God Or Gods?

Q

Gen 1:26: Let us make man in our image…

How do you explain this? Is it referring to the trinity? I’m seeing it used to justify someone’s view that God is in a ‘crew’ of god’s.

Also, this is what someone posted in a forum;

‘YHWH was a war god in a bigger pantheon. The Bible also mentions Him having a wife that lived with Him in the Temple, multiple instances of “greater than all other gods” and it’s like, and often the term translated as “false” doesn’t mean the other gods aren’t real, but that they aren’t THE god. Again: henotheistic, not monotheistic.’

How do I prove this person is wrong?

A

Arguing with these non-believers and their outrageous positions can be dangerous unless you really know your Scriptures. The Hebrew word for God in Genesis 1:26 is Elohim. By the “im” ending we know it’s plural. Taken Literally it should mean gods, but it’s always used as if it’s singular, God. It refers to the Trinity.

As for God being the only one, read Isaiah 43:10-11 “You are my witnesses,” declares the LORD, “and my servant whom I have chosen, so that you may know and believe me and understand that I am he. Before me no god was formed, nor will there be one after me. I, even I, am the Lord and there is no other. Apart from me there is no Savior.

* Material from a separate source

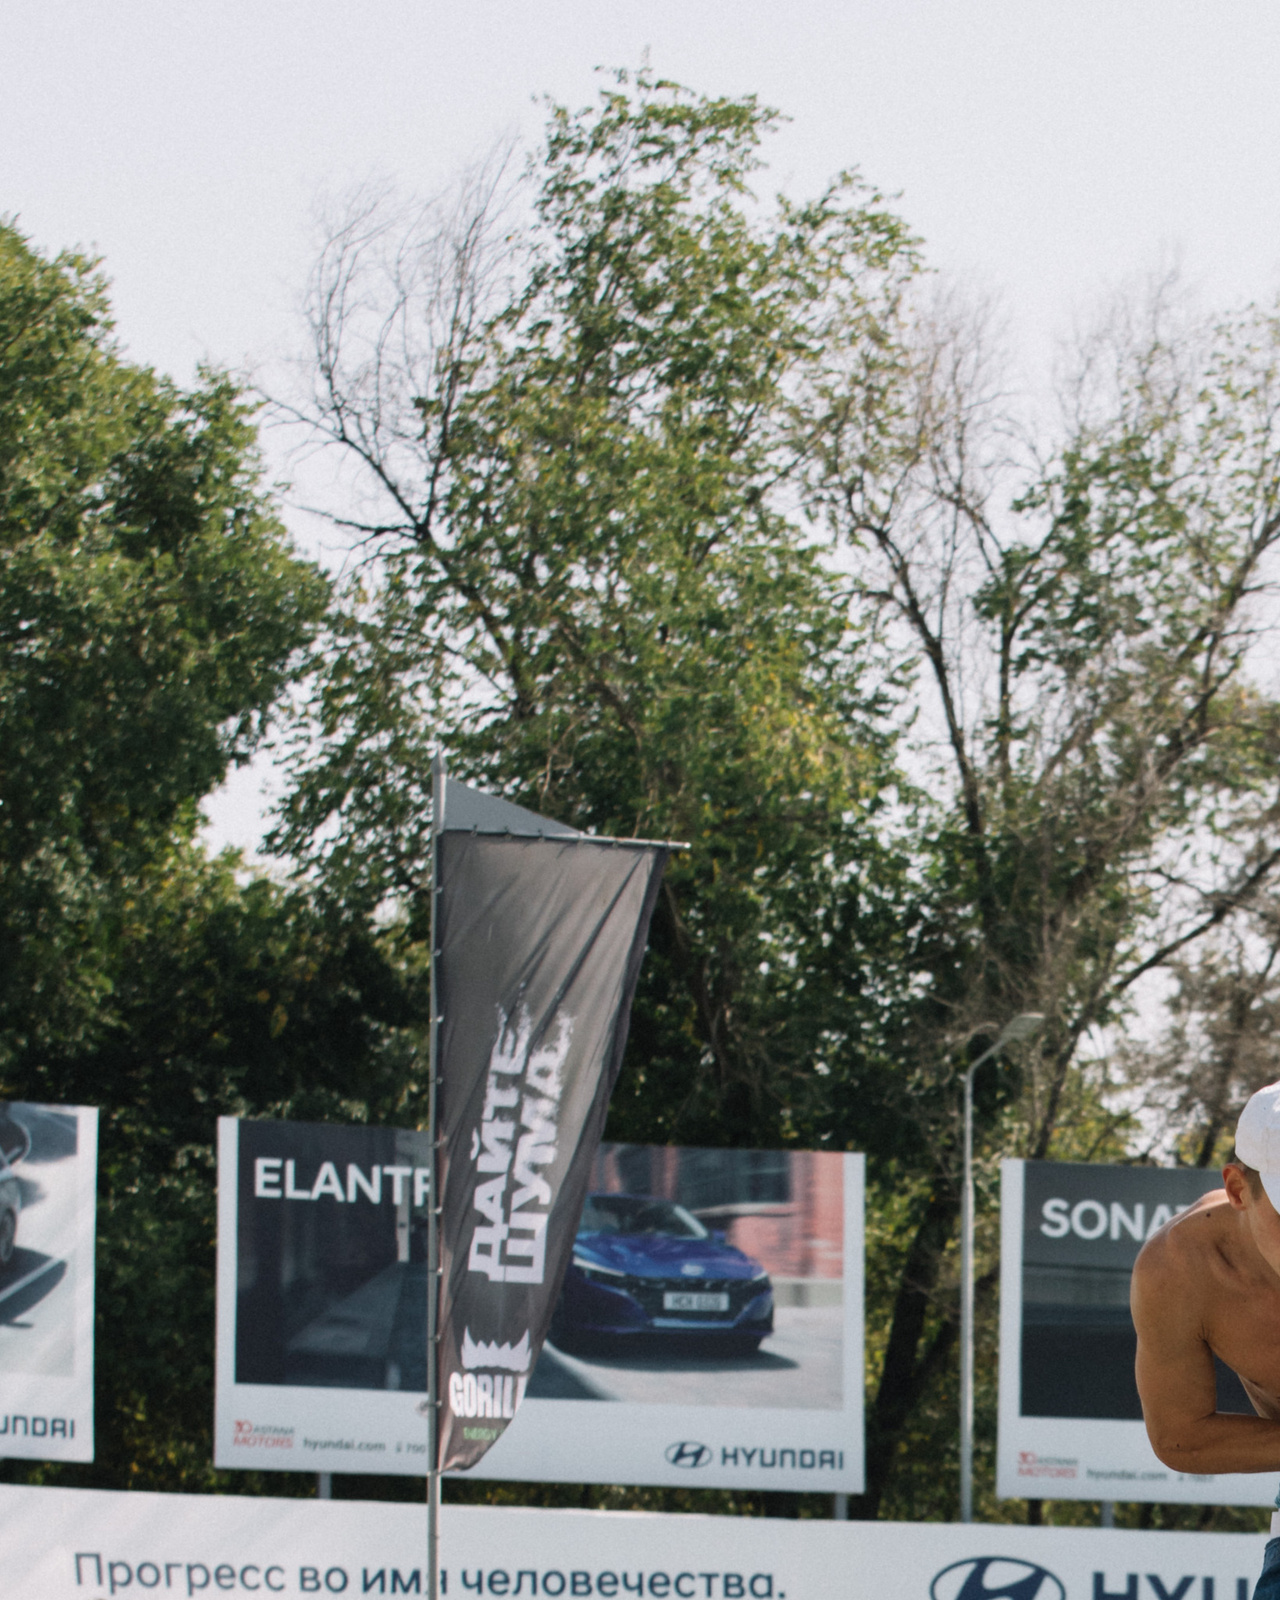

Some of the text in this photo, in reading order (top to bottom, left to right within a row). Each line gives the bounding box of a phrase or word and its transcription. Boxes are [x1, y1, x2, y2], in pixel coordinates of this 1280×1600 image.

Isaiah 44:6 “This is what the LORD says– Israel’s King and Redeemer, the LORD Almighty: I am the first and I am the last; apart from me there is no God.

Isaiah 45:5 “I am God and there is no other, apart from me there is no God.”

Isaiah 46:9 “I am God and there is no other. I am God and there is none like me.”

There are probably a dozen or so references like this in the 10 chapters between Isaiah 40 and 50 alone. You can believe the Bible or believe the unbeliever but you can’t believe both.

As far as God having a wife and living in the Temple, there’s no mention of that anywhere in the Bible because it isn’t true. This person probably got the notion from a feminist pagan belief that the Shekinah Glory, a Hebrew term for the Holy Spirit, was actually Asteroth, the Canaanite goddess of fertility. It’s the height of blasphemy, made popular in a novel called the DiVinci Code.

By “greater than all other gods” the Hebrews meant greater than the pagan gods who are demons hiding behind images of wood and stone. They are real in the sense that demons are real, but they’re definitely not deserving of the title “God.” There’s only One who is.